* [EXERCISE INSTRUCTIONS] Would you transcribe each entry precisely as it stands, setting aside any images?

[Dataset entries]
■ ■ ■ ■

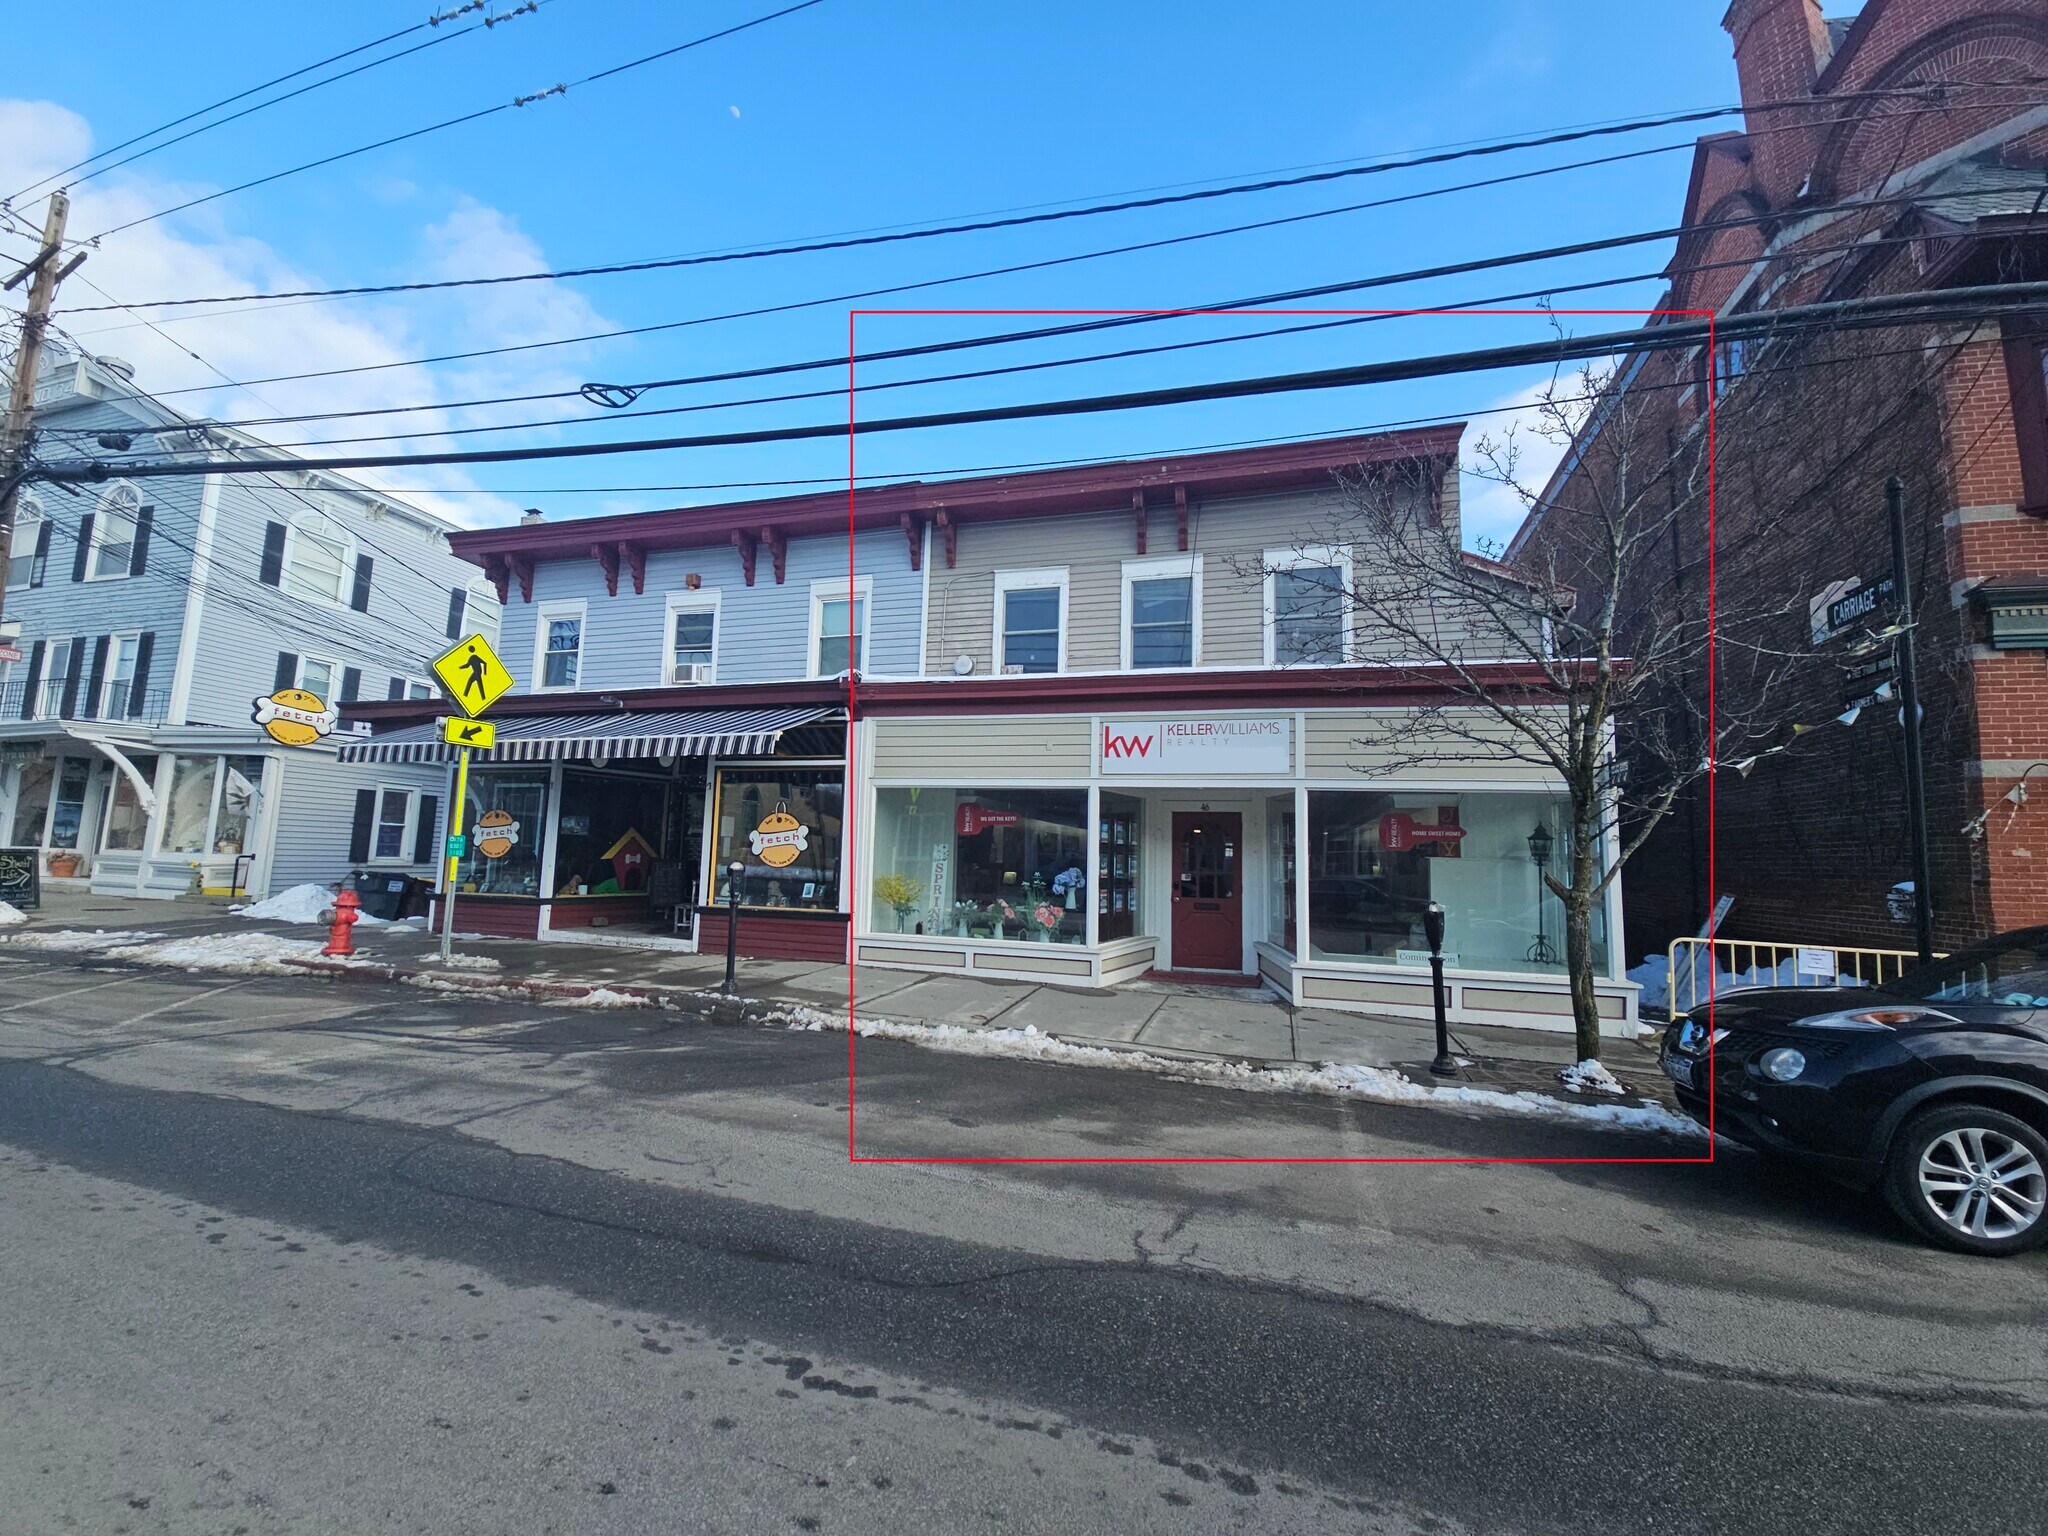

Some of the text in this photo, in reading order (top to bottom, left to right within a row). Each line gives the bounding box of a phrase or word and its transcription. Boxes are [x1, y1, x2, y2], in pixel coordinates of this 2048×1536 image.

[1833, 578, 1893, 625] CARRIAGE PATH
[274, 707, 325, 724] fetch
[1167, 737, 1230, 747] REALTY
[1200, 802, 1210, 811] 46
[481, 828, 512, 837] fetch
[760, 833, 800, 844] fetch
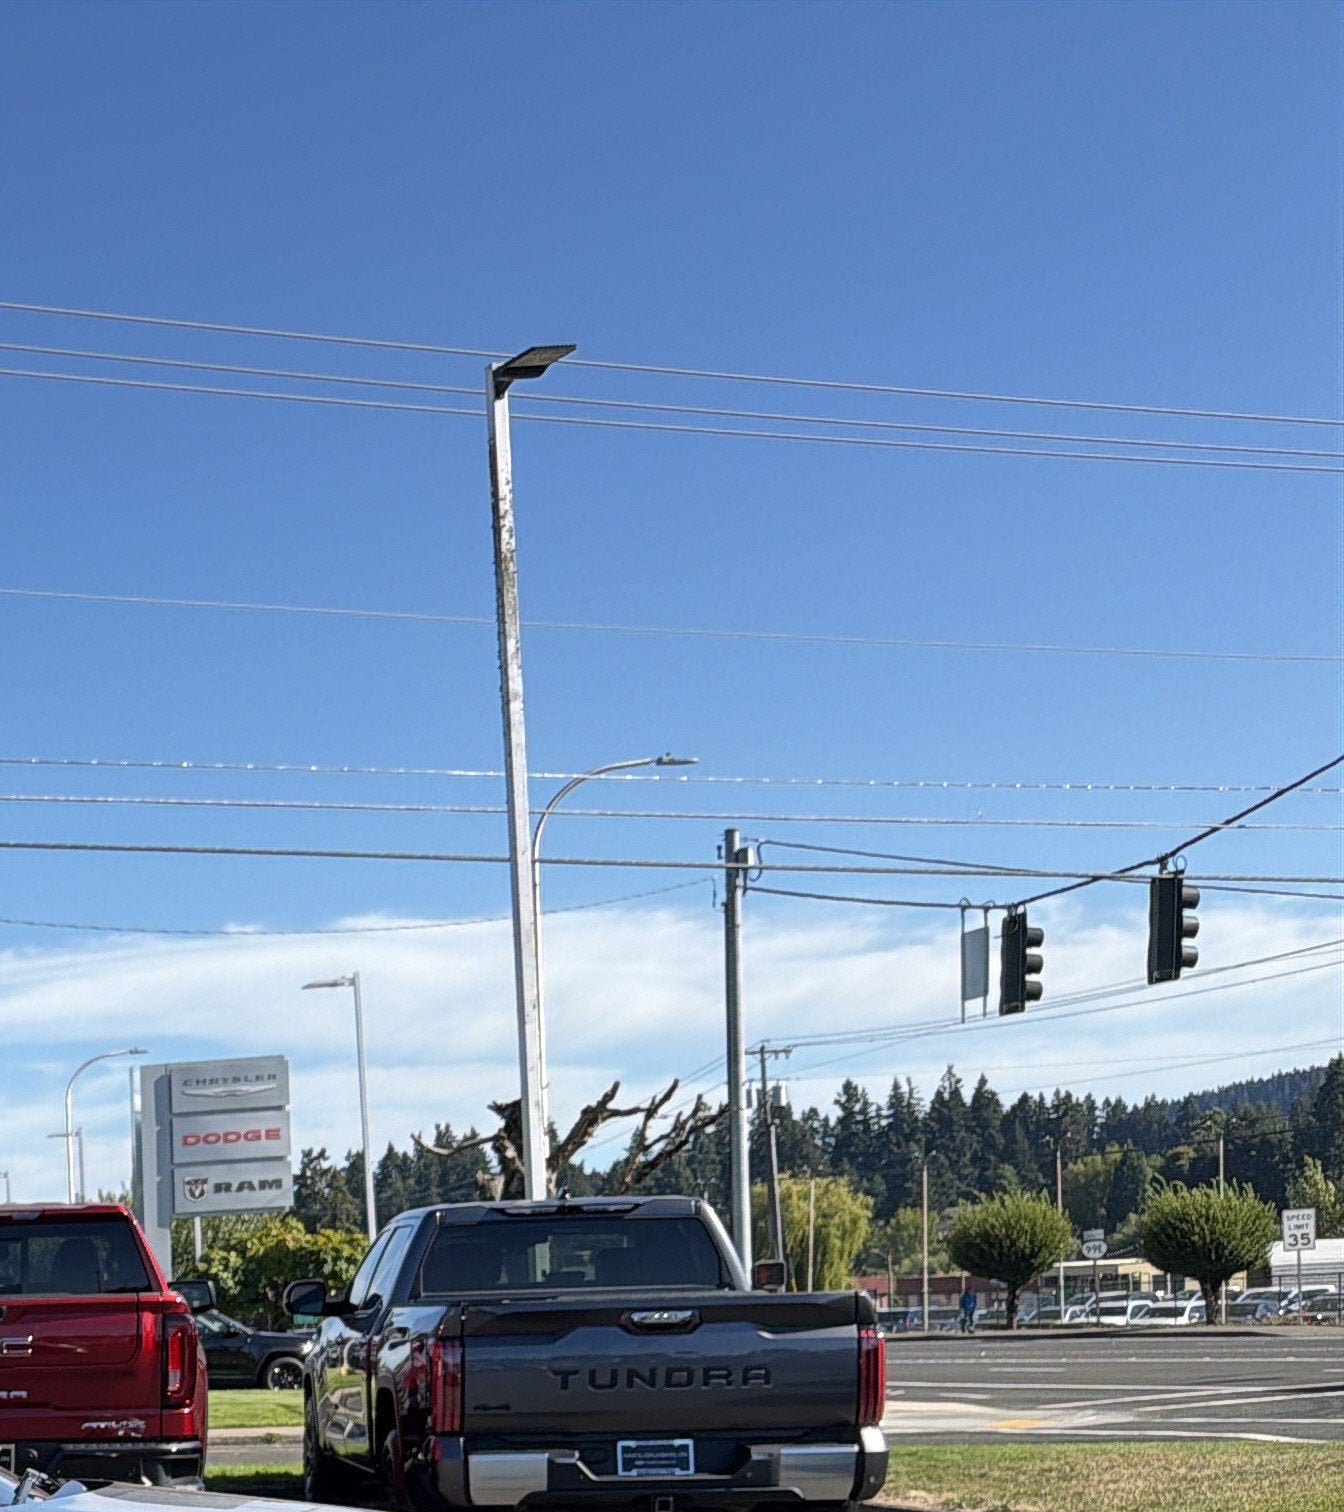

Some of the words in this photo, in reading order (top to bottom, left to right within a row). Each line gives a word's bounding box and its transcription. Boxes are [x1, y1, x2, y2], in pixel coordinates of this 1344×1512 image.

[182, 1073, 278, 1087] CHRYSLER
[182, 1127, 281, 1147] DODGE
[213, 1178, 283, 1194] RAM
[1285, 1213, 1312, 1222] SPEED
[1287, 1223, 1309, 1231] LIMIT
[1287, 1232, 1311, 1247] 35
[548, 1364, 774, 1392] TUNDRA

■ ■ ■ ■

* [SOLVED EXERCISE]
Some of the text in this photo, in reading order (top to bottom, left to right within a row). Each line gives the bounding box of a phrase or word and its transcription. Boxes are [x1, y1, x2, y2], in pixel coordinates of this 2048×1536 image.

[1833, 578, 1893, 625] CARRIAGE PATH
[274, 707, 325, 724] fetch
[1167, 737, 1230, 747] REALTY
[1200, 802, 1210, 811] 46
[481, 828, 512, 837] fetch
[760, 833, 800, 844] fetch

Some of the words in this photo, in reading order (top to bottom, left to right within a row). Each line gives a word's bounding box and its transcription. Boxes are [x1, y1, x2, y2], in pixel coordinates of this 1344×1512 image.

[182, 1073, 278, 1087] CHRYSLER
[182, 1127, 281, 1147] DODGE
[213, 1178, 283, 1194] RAM
[1285, 1213, 1312, 1222] SPEED
[1287, 1223, 1309, 1231] LIMIT
[1287, 1232, 1311, 1247] 35
[548, 1364, 774, 1392] TUNDRA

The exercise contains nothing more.